Performance is not everything

Tristam MacDonald swiftcoder at gmail.com
Fri Aug 17 08:33:08 PDT 2007


In general, Sisal is no longer-winded than C. However, it isn't a C like 
language, though trivial examples show some similarities. It is a 
functional language, and one based on mathematical process (perhaps most 
similar to Erlang), and while more advanced than the C-family in 
expressiveness, correctness and parallelism, C programmers seem to have 
a lot of trouble transitioning to these sorts of languages (hell, even 
Scheme seems to be a stretch for many).

Deewiant wrote:
> Henrik wrote:
>> I found this article on wikipedia today: http://en.wikipedia.org/wiki/SISAL
>>
>> "SISAL (Streams and Iteration in a Single Assignment Language) is a
>> general-purpose single assignment functional programming language with strict
>> semantics, implicit parallelism, and efficient array handling."
>>
>> On top of automatic parallelism and whatnot, the article claims that it
>> outperforms C. Sounds great! So is this the Next Big Language(tm)? Nope. It's
>> been around since 1986.
>>
>> It reminded me that performance must only be a small part of whether a
>> language is widely adopted or not. So what determines whether people start
>> using a language? Is it only a matter of inertia, tradition, habit and prior
>> investments?

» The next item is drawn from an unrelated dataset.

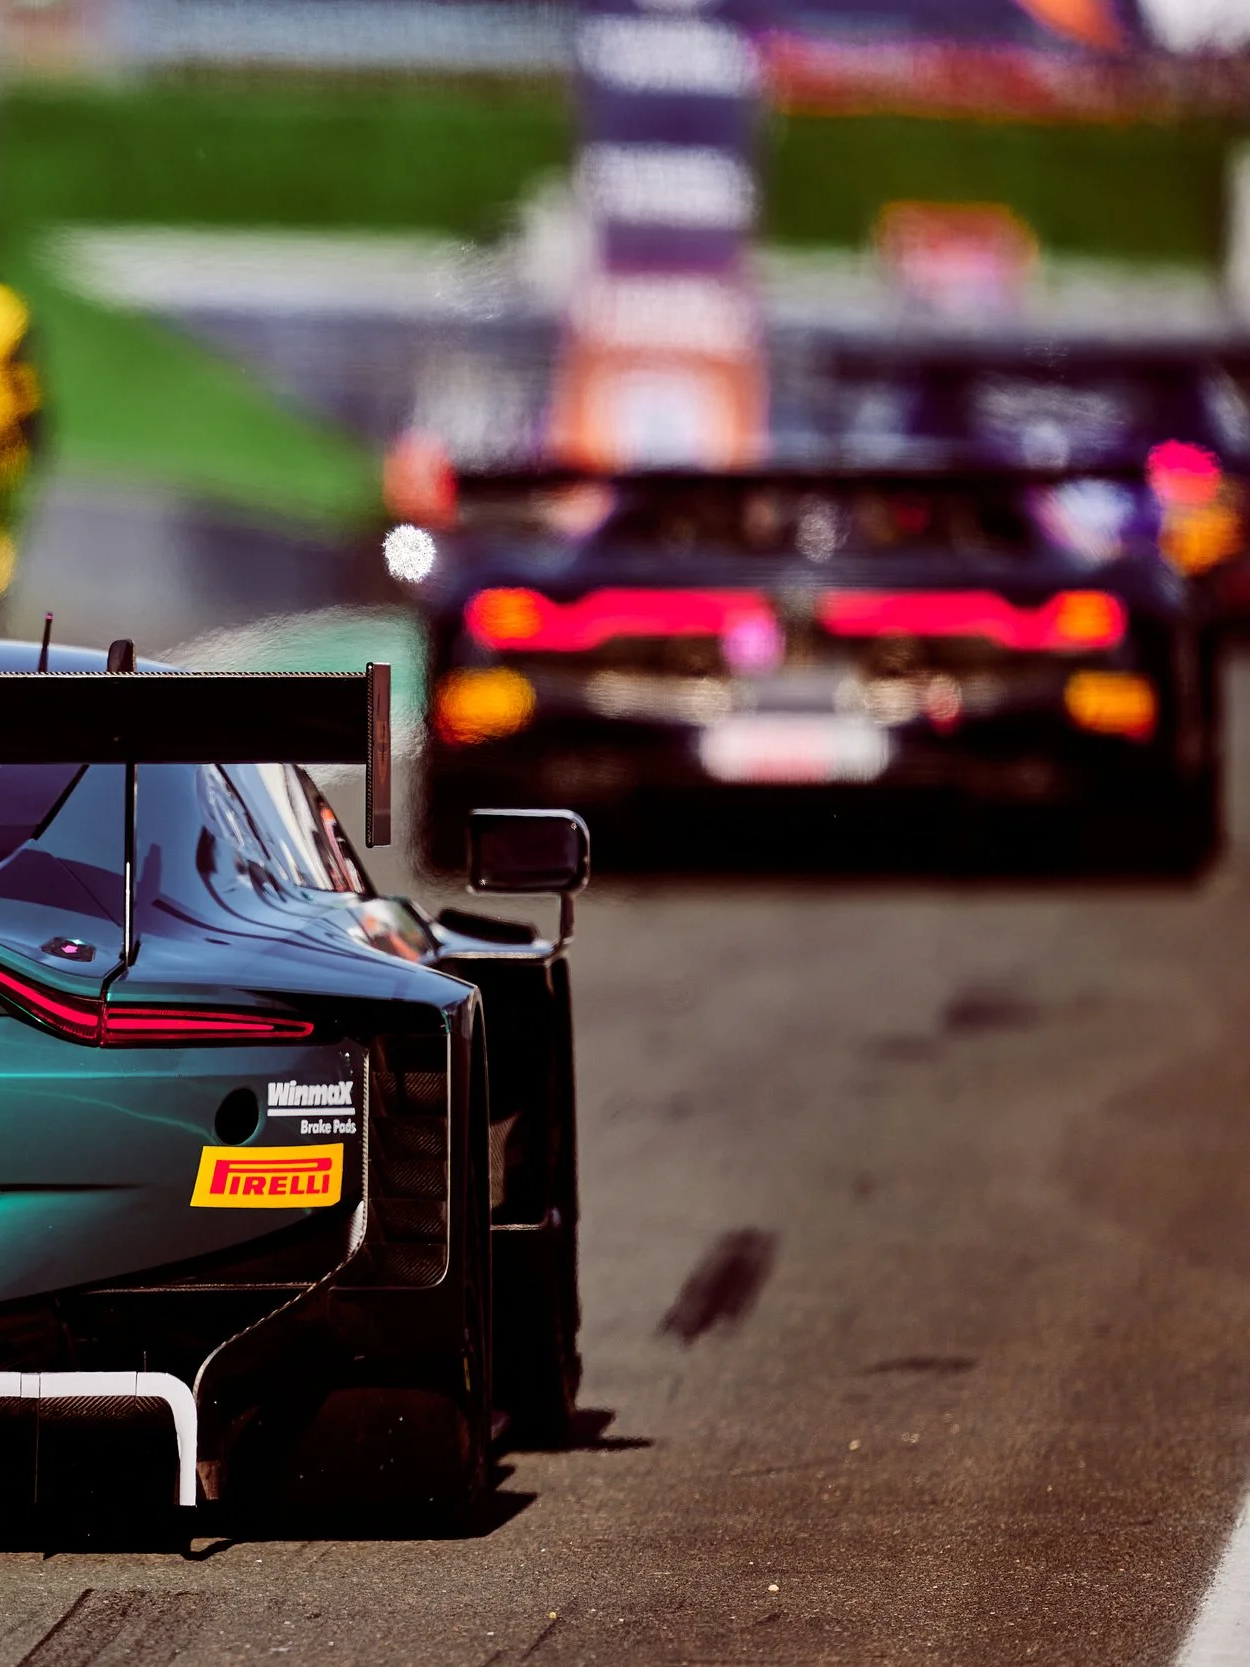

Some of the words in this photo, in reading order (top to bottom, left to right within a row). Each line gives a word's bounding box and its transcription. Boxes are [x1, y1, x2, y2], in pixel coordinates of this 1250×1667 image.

[300, 1118, 331, 1134] Brake
[333, 1117, 356, 1134] Pads
[209, 1157, 332, 1195] PIRELLI

Or are there more complex considerations to be taken into
>> considerations?
>>
>> Why haven't we been writing applications and games in SISAL the last 21
>> years? In ten years, will people look back at D and ask themselves the same
>> thing or is D:s future different? If so, why?
> 
> Here's one possible reason: http://hackety.org/2007/08/15/oneLinersAreCrucial.html
> 
> I don't know SISAL, but I doubt you can be productive with it within an hour (or
> 15 minutes, as suggested). With scripting languages like Python or Ruby, you can.
> 
> I'd say that with D, it's the case only if you already know C or C++, maybe also
> Java. D isn't a very beginner-oriented language.